IN Brief:
- New concept set targets functional gummies and “better-for-you” confectionery.
- Colours are positioned as flavour- and function-aligned, plant-derived concentrates.
- Event focus reflects broader plant-based and functional ingredient momentum.
GNT has launched a new set of plant-based “functional colour” concepts under its Exberry range at ISM Ingredients 2026 in Cologne, putting natural colour systems into the same design brief as functionality and flavour cues for confectionery.
The concepts shown at the event centre on fruit gum applications, where colour is doing more than providing shelf pop. GNT’s approach is to use saturated, fruit- and plant-derived shades as an explicit signal of a product’s intended effect, while the formulation carries familiar “functional” additions such as vitamin C, caffeine, and botanicals including ashwagandha. The result is a tightly packaged proposition for brands trying to hold indulgence while moving label copy toward energy, focus, or relaxation territory.
From a technical standpoint, gummy is an obvious proving ground. It is colour-forward, trend-driven, and highly repeatable, but it can be unforgiving on processing consistency when colour systems bring in variability, flavour carryover, or stability constraints under heat and acid. GNT’s “colouring foods” positioning is designed to address that tension by leaning on edible-source concentrates processed primarily by physical methods, aiming for label declarations that read like recognisable ingredients rather than additive numbers.
That distinction sits inside EU classification logic that differentiates between selectively extracted pigments treated as colours and less selectively processed preparations treated as foods used for colouring. For confectioners, it can influence everything from pack copy to customer acceptance in clean-label channels, particularly in markets where “free-from artificial colours” has become a baseline rather than a premium claim.
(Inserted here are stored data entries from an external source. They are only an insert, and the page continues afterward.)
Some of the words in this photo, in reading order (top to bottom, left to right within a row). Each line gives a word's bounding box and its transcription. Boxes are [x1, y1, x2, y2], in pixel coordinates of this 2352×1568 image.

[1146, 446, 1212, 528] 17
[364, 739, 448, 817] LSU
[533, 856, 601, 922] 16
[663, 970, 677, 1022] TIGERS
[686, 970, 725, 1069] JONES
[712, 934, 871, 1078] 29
GNT is also using the tradeshow launch to tie colour choices to sustainability and data availability, pointing to product carbon footprint figures across most of the Exberry portfolio. For larger confectionery groups, that increasingly matters because the carbon accounting burden is moving down the supply chain, and ingredients that arrive with usable, auditable datasets tend to win procurement time — even when their unit costs are higher than conventional options.
The wider context at ISM Ingredients is a continued push toward plant-based and functional sweets, with suppliers positioning extracts, fibres, proteins, and “added benefit” components as the next cycle of differentiation for confectionery that is still, at heart, sugar and texture. GNT’s play is to make colour carry part of that story without forcing manufacturers into exotic processing or unstable performance.